Here, too, are Jack’s younger brothers, twins known uncharmingly to the family as Thing One and Thing Two, after the Dr. Seuss characters, who have the requisite alarming love of PlayStation.

Then there is Amy, Dan’s wife, who serves as the book’s emotional heart. Juggling work and home, she’s ended up doing P.R. for a rackety start-up run by the ludicrous Donny, a hoodie-wearing, Steve Jobs-imitating, Mark Zuckerberg-worshiping 19-year-old who happens to be the son of one of Amy’s oldest friends. Sometimes their meetings are held in his dorm room at Stanford, featuring his never-made bed. Sometimes he surprises her for breakfast meetings at home and finishes the box of Puffins that is meant for her kids.

Donny’s company is experimenting with an algorithm that allows people to play out alternative virtual-reality scenarios from their pasts — their “multiverses” — for “Sliding Doors”-style experiences. He makes Amy his guinea pig, using intimate details about her that his indiscreet mother has shared with him. Her would-be lives spin out in front of her.

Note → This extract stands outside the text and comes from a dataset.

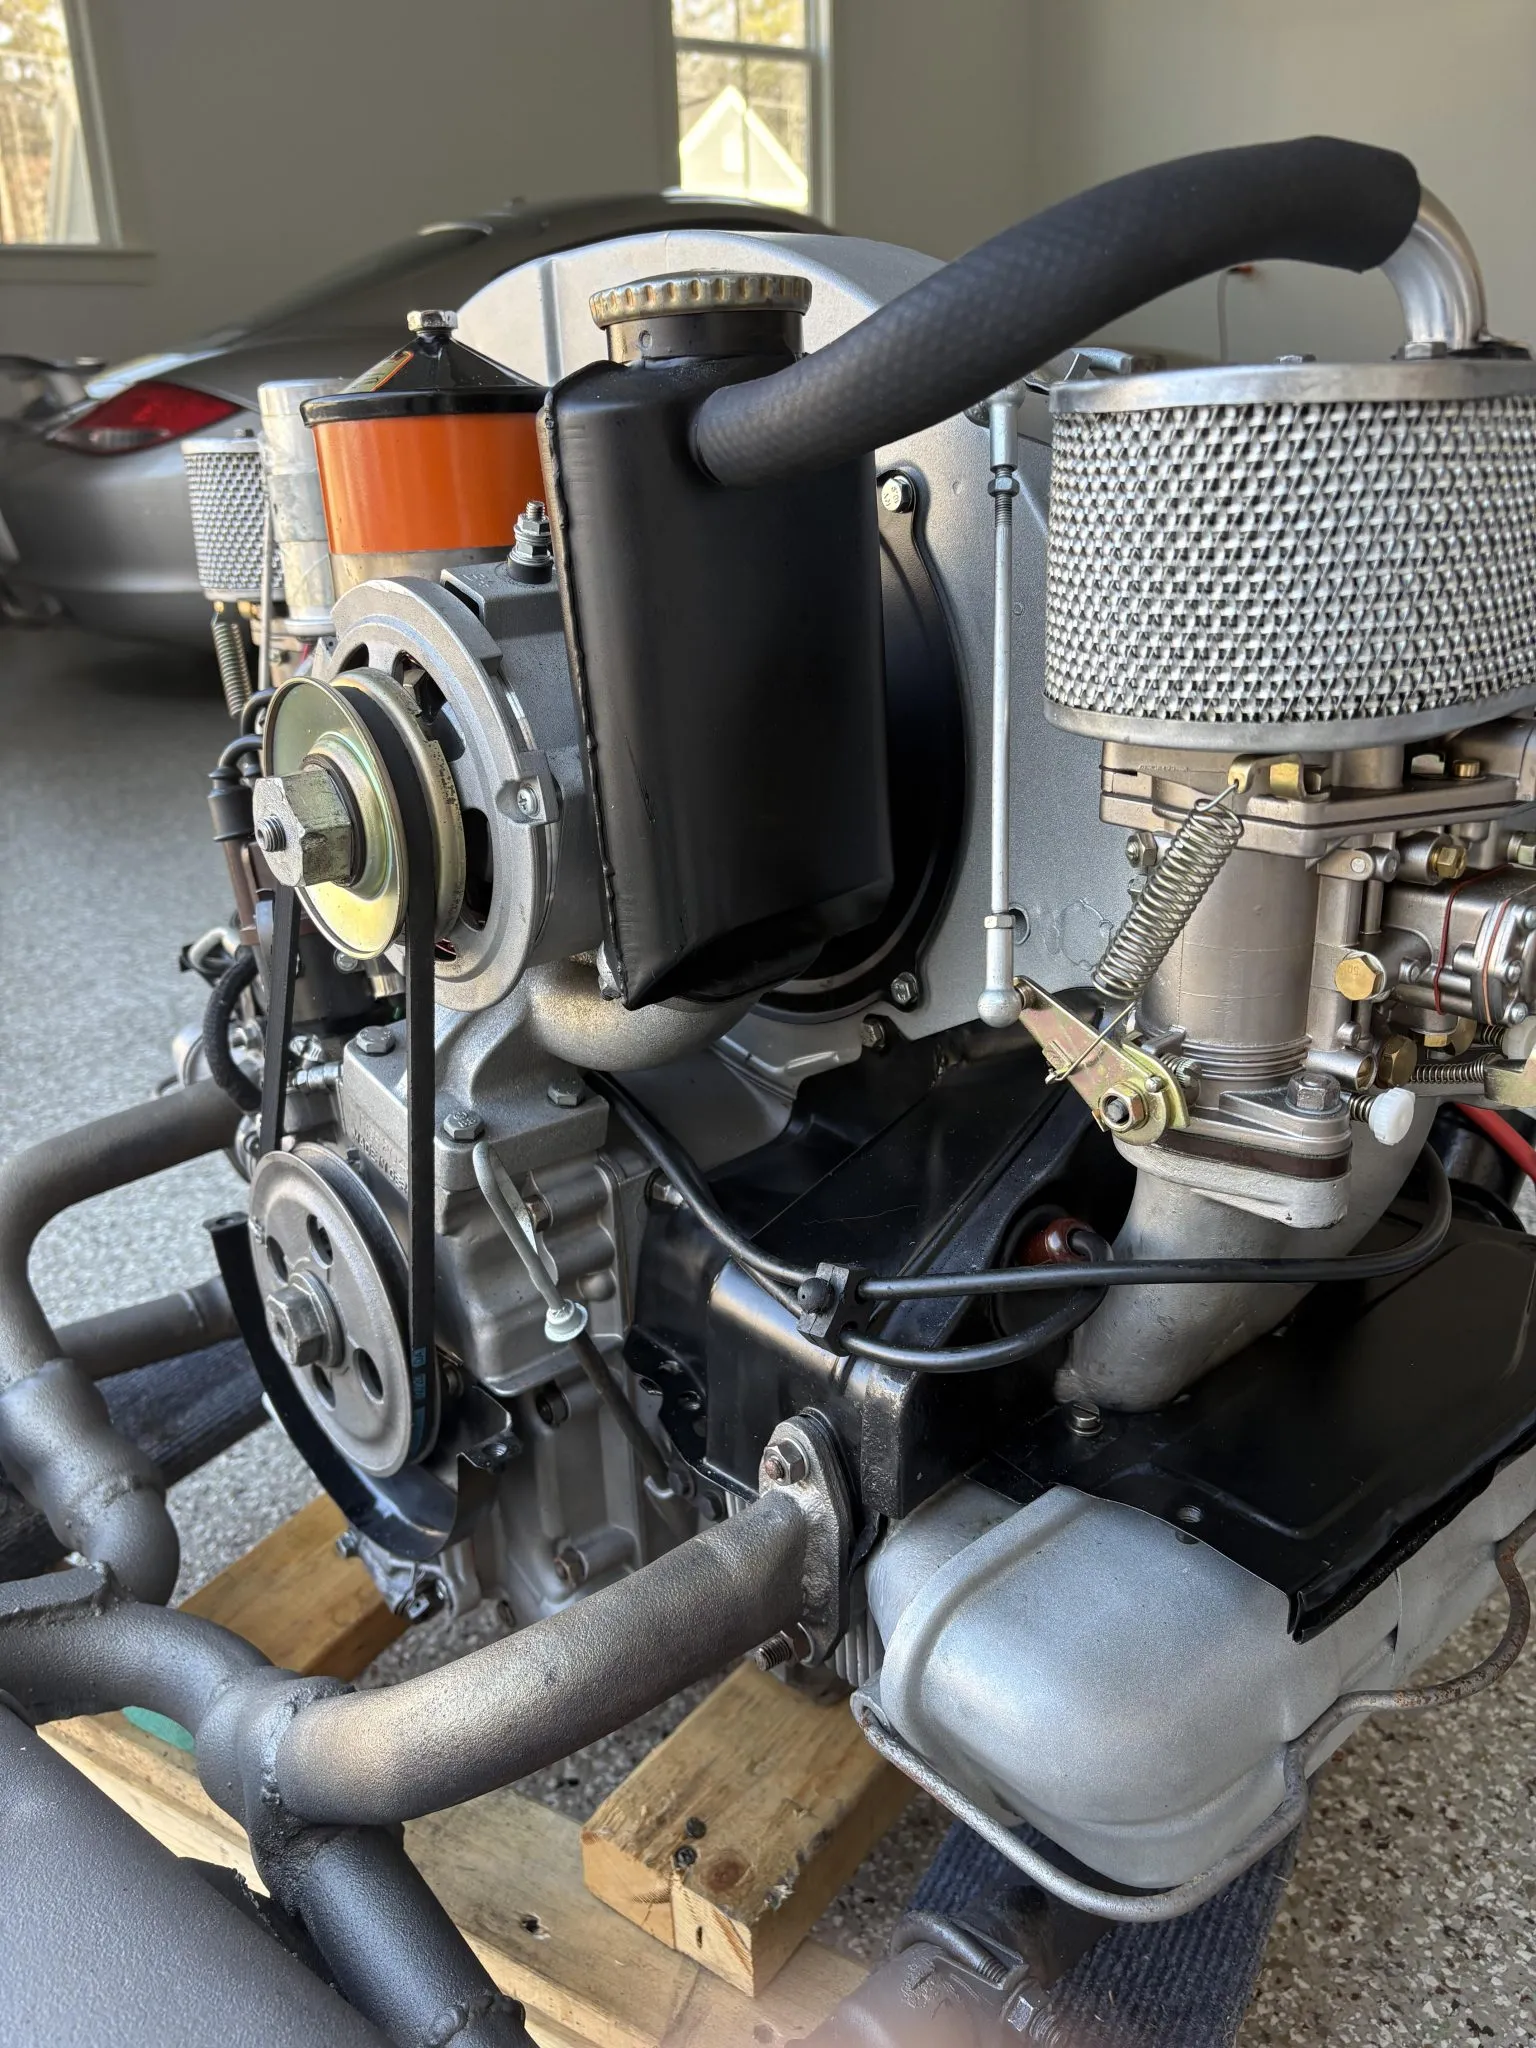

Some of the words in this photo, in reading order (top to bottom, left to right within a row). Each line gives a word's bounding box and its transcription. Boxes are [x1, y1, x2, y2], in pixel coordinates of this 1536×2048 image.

[353, 1127, 378, 1162] MADE
[379, 1155, 388, 1173] IN
[390, 1167, 408, 1194] GER

She relives bits of her history and sees what it might have been like if she had, for instance, stayed with the irresistible, irresponsible, unfaithful, unemployed musician/actor/philosopher she lived with before Dan. What if she had not aborted their baby? What if Eric, the older brother she revered, had not died? What if? These fictional scenarios are utterly convincing and fill us with as much confusion, fear and longing as they do Amy. “It’s like nostalgia, only a billion times worse,” she says. “It’s like being boiled alive in oil.”

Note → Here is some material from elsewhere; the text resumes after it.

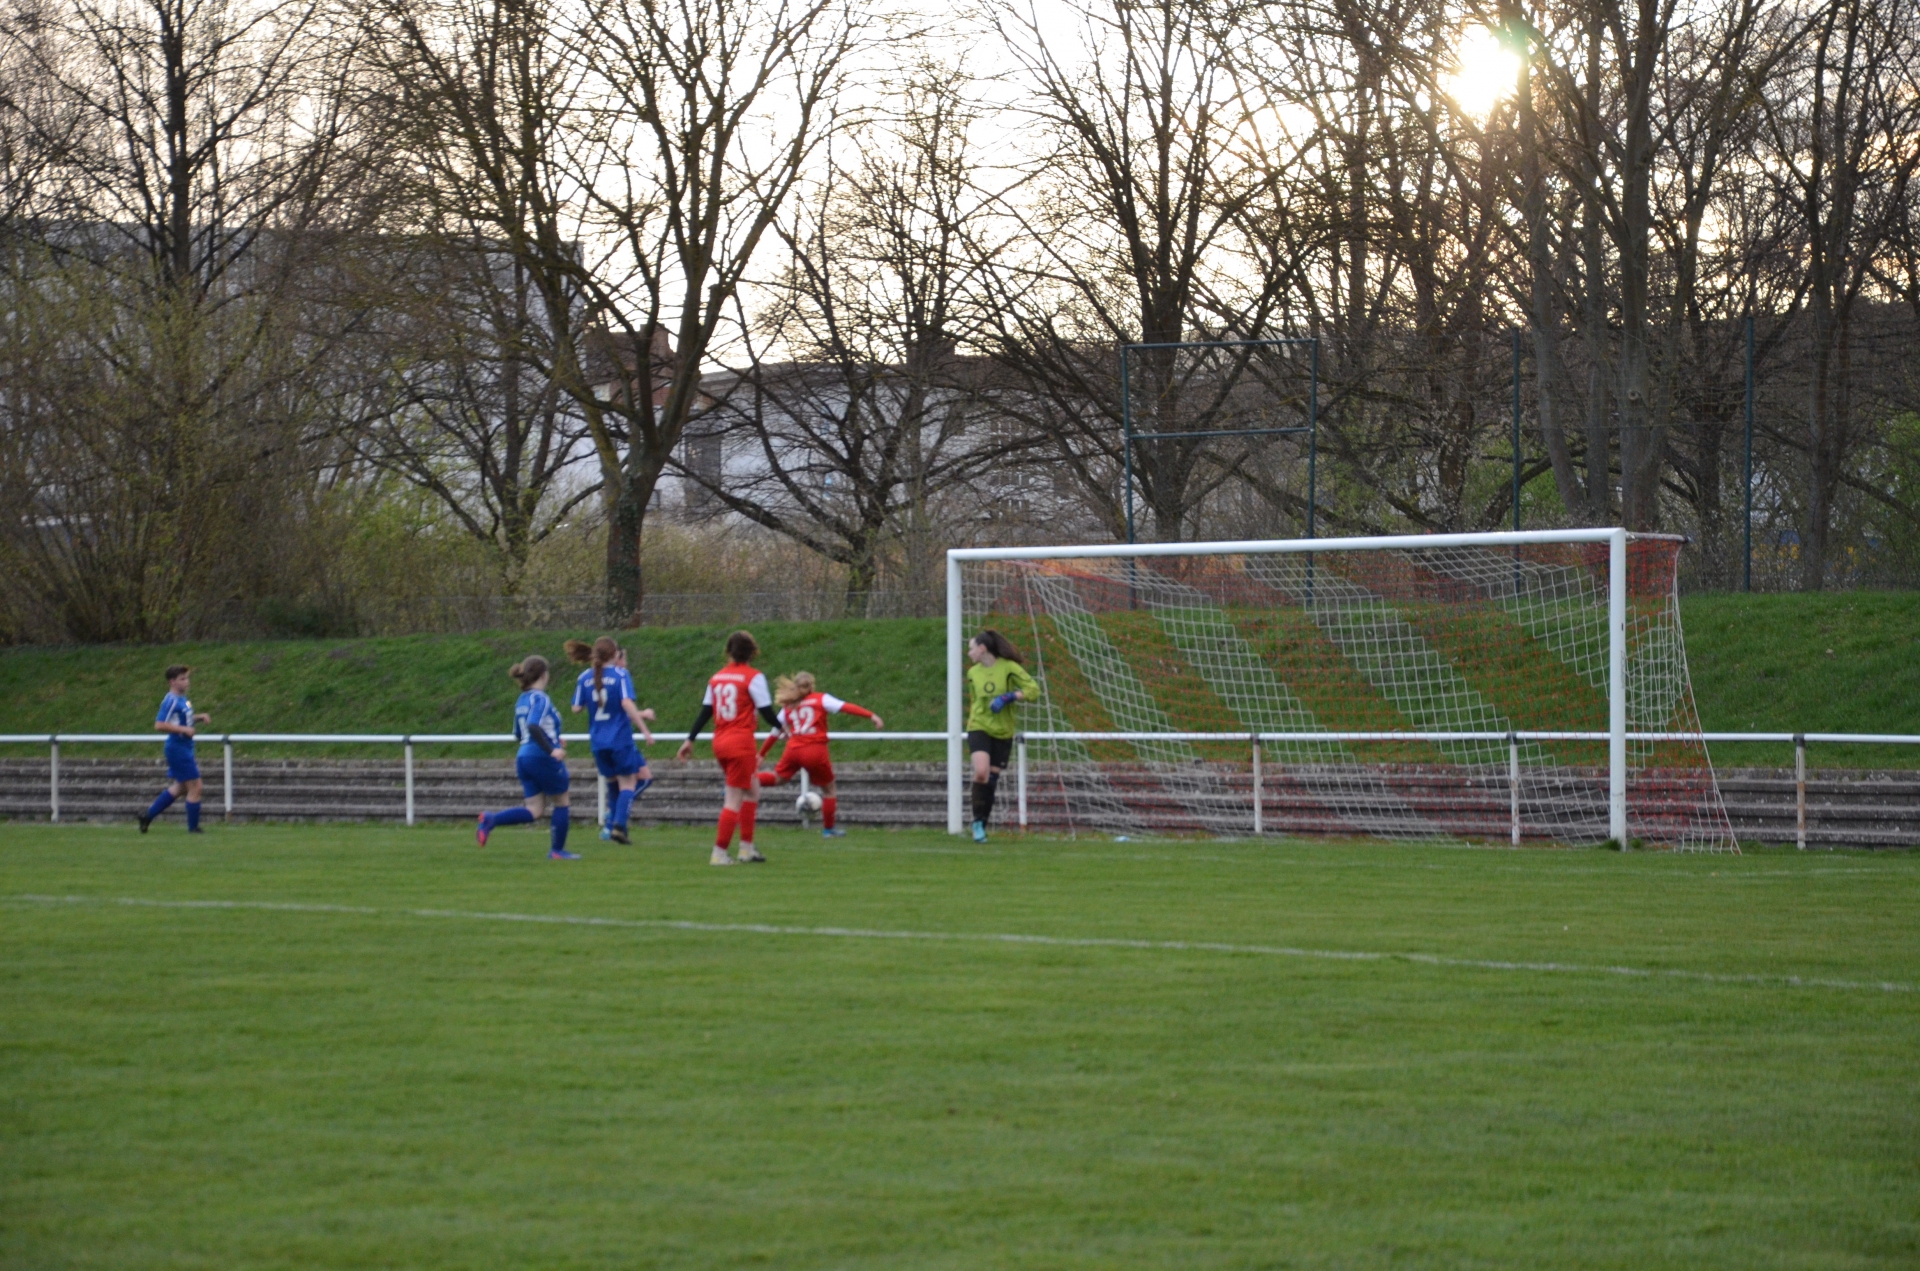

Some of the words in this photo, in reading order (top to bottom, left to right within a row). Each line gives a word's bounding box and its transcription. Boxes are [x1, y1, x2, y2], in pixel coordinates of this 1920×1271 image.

[592, 688, 611, 722] 2
[714, 682, 738, 721] 13
[789, 705, 817, 735] 12

The family reaches a fault line when Dan becomes interested in a woman named Maryam, a photographer who is obsessed with the devastation wrought by the nuclear disaster in Fukushima, Japan.

Along with an exotic magnetism that quickly wears thin and a Knight fellowship in “experimental storytelling, immersive journalism and interactive design,” Maryam can out-nerd even Dan with the cascade of facts at her fingertips. She has a tiresome belief in her own fabulousness and a habit of sounding as if she is quoting from her own Nobel citation.

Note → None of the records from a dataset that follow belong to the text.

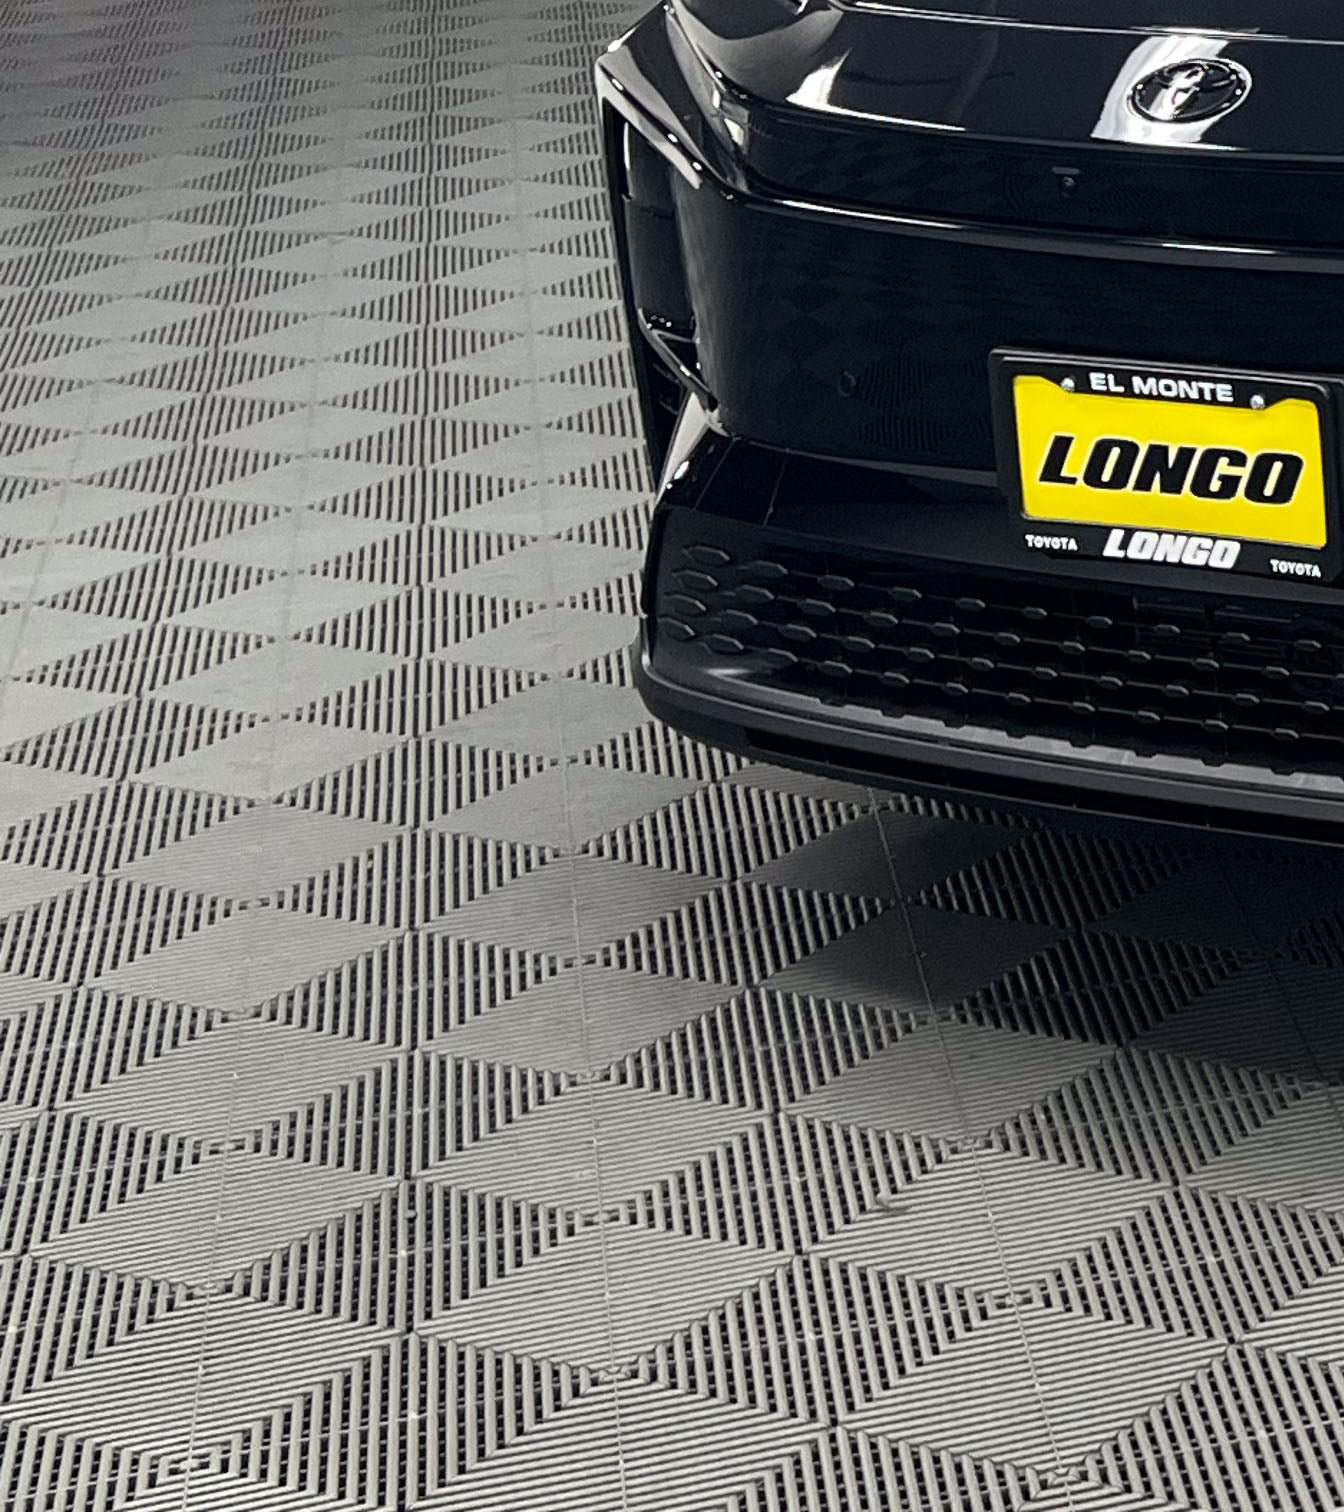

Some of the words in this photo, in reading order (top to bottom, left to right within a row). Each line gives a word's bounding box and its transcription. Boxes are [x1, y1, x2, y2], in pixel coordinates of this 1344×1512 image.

[1089, 372, 1126, 393] EL
[1133, 376, 1234, 403] MONTE
[1039, 435, 1304, 505] LONGO
[1025, 534, 1078, 551] TOYOTA
[1102, 529, 1241, 569] LONGO
[1270, 559, 1322, 578] TOYOTA

“I came to Stanford to study the neurobiological effects of cyberconnectivity,” she declares. “But recently, every cell in my body has been crying for Japan.” One of her former lovers is described as a “South American professor/revolutionary/poet, a super hottie, a sexual adventurer, who had also been in the Olympics.”

Schulman deftly moves around, telling her story from various points of view. Sometimes she strays a little far afield — I wasn’t sure I cared about the dating travails of Jack’s girlfriend’s mother, as amusing as they were — but her observations, particularly about the ridiculousness of the Northern Californian start-up mentality, are always apt and sharp.

As the book gathers itself toward its conclusion, the crises that strike the family are all too non-virtual. Their machines cannot help them. We can play out multiple scenarios, dream multiple fantasies, write multiple stories in our heads, but in the end we have only one — complicated, imperfect, hard-to-face — reality.